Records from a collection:

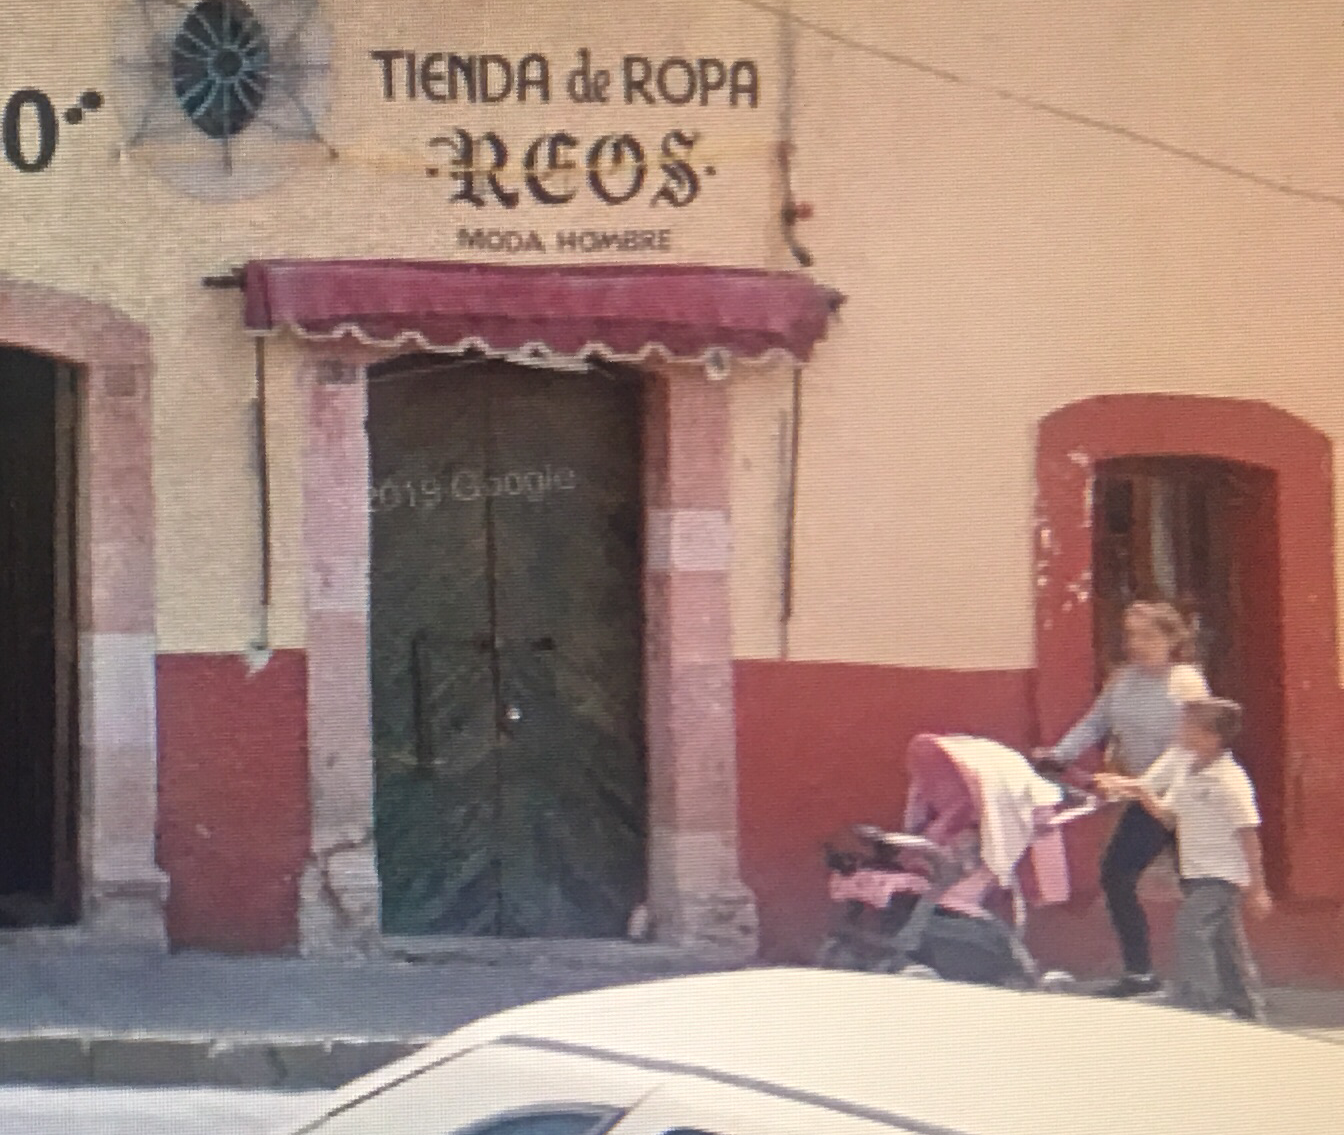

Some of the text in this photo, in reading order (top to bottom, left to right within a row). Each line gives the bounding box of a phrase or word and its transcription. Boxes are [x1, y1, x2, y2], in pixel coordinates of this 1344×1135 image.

[370, 47, 760, 108] TIENDA de ROPA
[458, 227, 672, 254] MODA HOMBRE
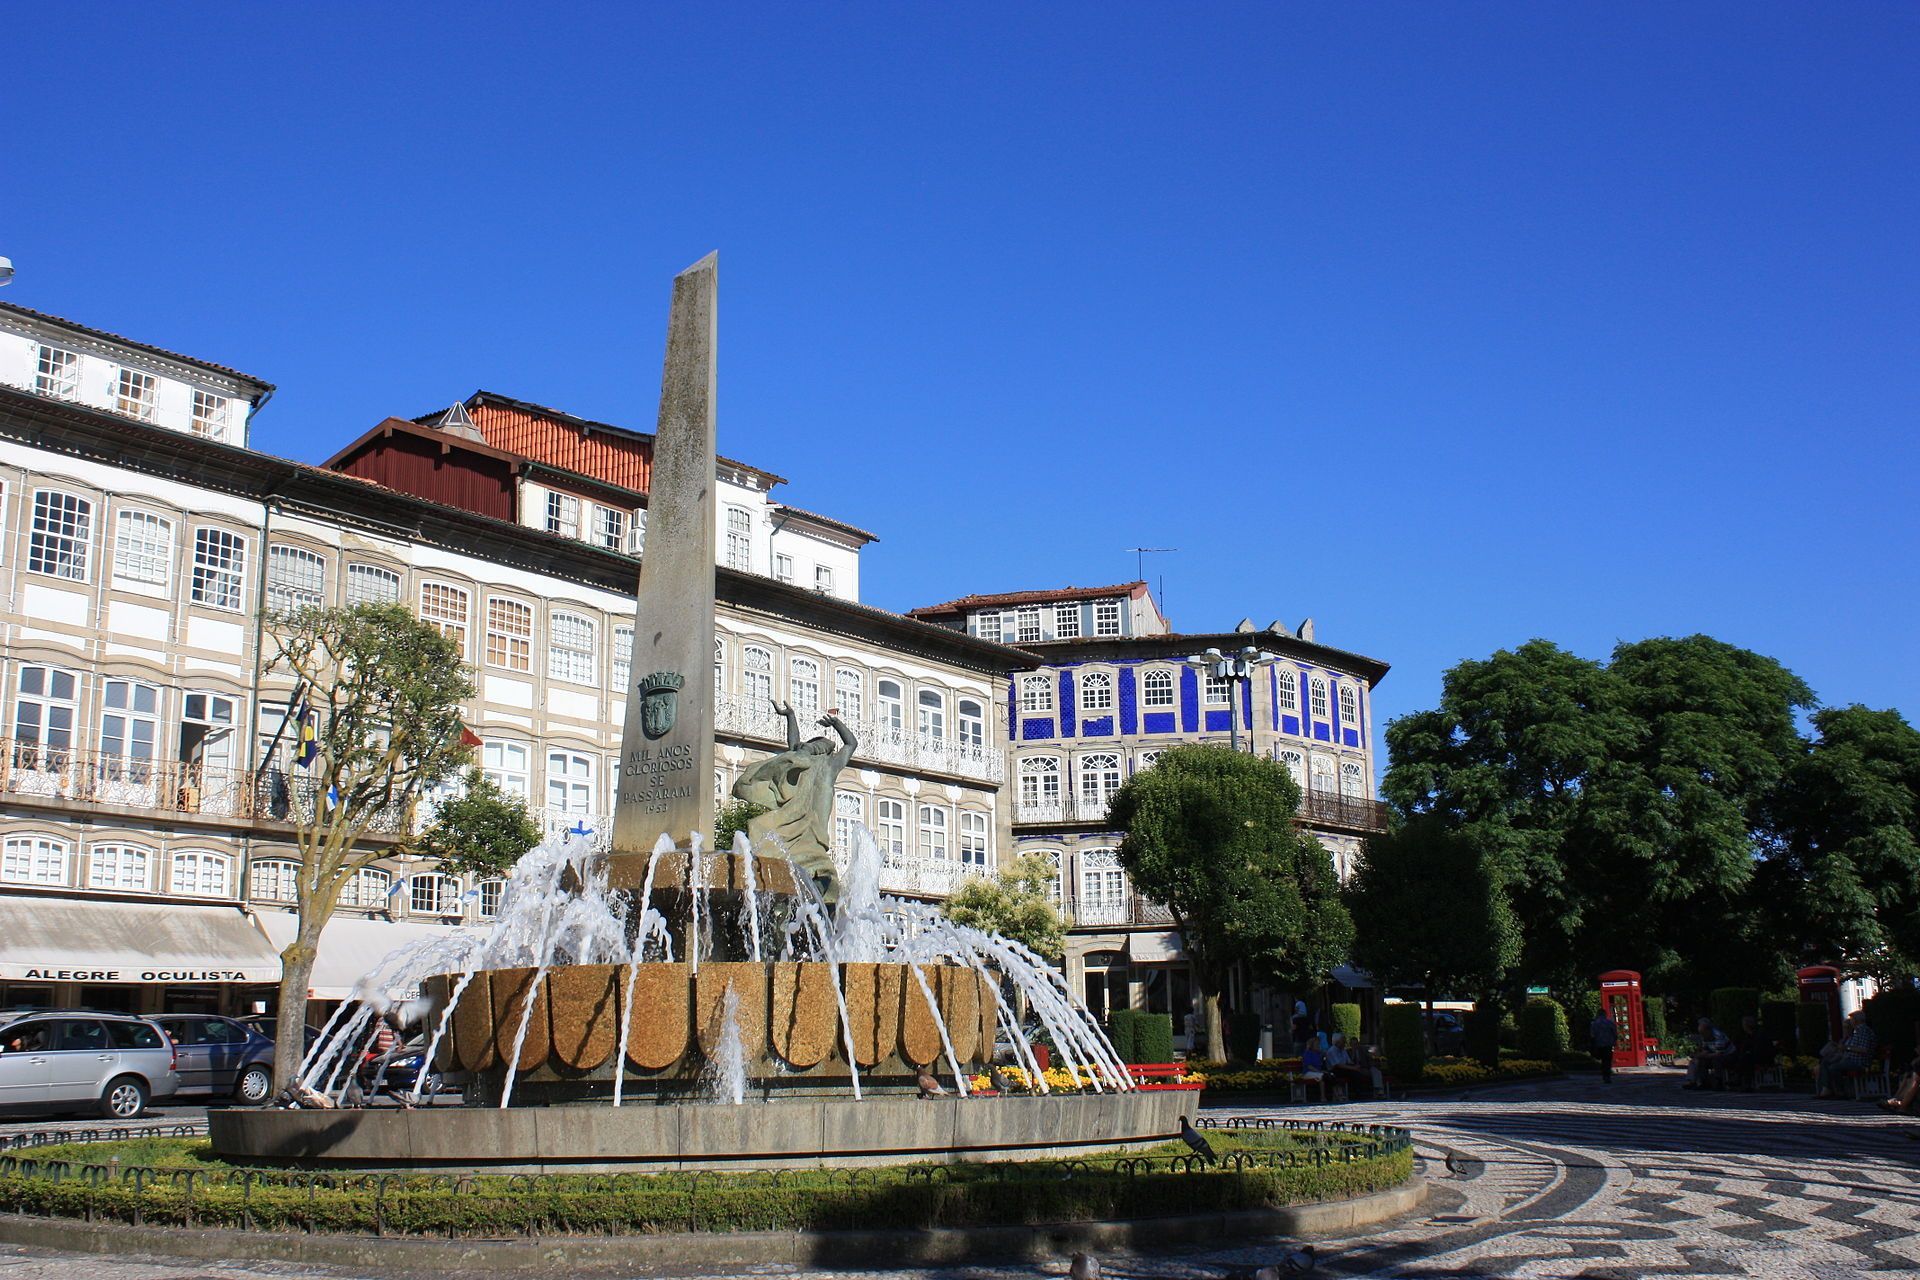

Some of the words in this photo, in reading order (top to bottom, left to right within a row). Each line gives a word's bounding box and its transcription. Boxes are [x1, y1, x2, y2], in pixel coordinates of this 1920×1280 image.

[630, 750, 652, 762] MIL
[657, 745, 691, 759] ANOS
[626, 758, 692, 776] GLORIOSOS
[650, 776, 664, 787] SE
[624, 786, 691, 804] PASSARAM
[645, 804, 667, 814] 1953
[26, 969, 119, 980] ALEGRE
[141, 971, 246, 980] OCULISTA

=== Exercise requirements ===
Should the entries hold any pictures, please omit those and print the remaining text exactly.

=== Written response ===
Some of the text in this photo, in reading order (top to bottom, left to right within a row). Each line gives the bounding box of a phrase or word and its transcription. Boxes are [x1, y1, x2, y2], in pixel coordinates of this 1344×1135 image.

[370, 47, 760, 108] TIENDA de ROPA
[458, 227, 672, 254] MODA HOMBRE

Some of the words in this photo, in reading order (top to bottom, left to right within a row). Each line gives a word's bounding box and its transcription. Boxes are [x1, y1, x2, y2], in pixel coordinates of this 1920×1280 image.

[630, 750, 652, 762] MIL
[657, 745, 691, 759] ANOS
[626, 758, 692, 776] GLORIOSOS
[650, 776, 664, 787] SE
[624, 786, 691, 804] PASSARAM
[645, 804, 667, 814] 1953
[26, 969, 119, 980] ALEGRE
[141, 971, 246, 980] OCULISTA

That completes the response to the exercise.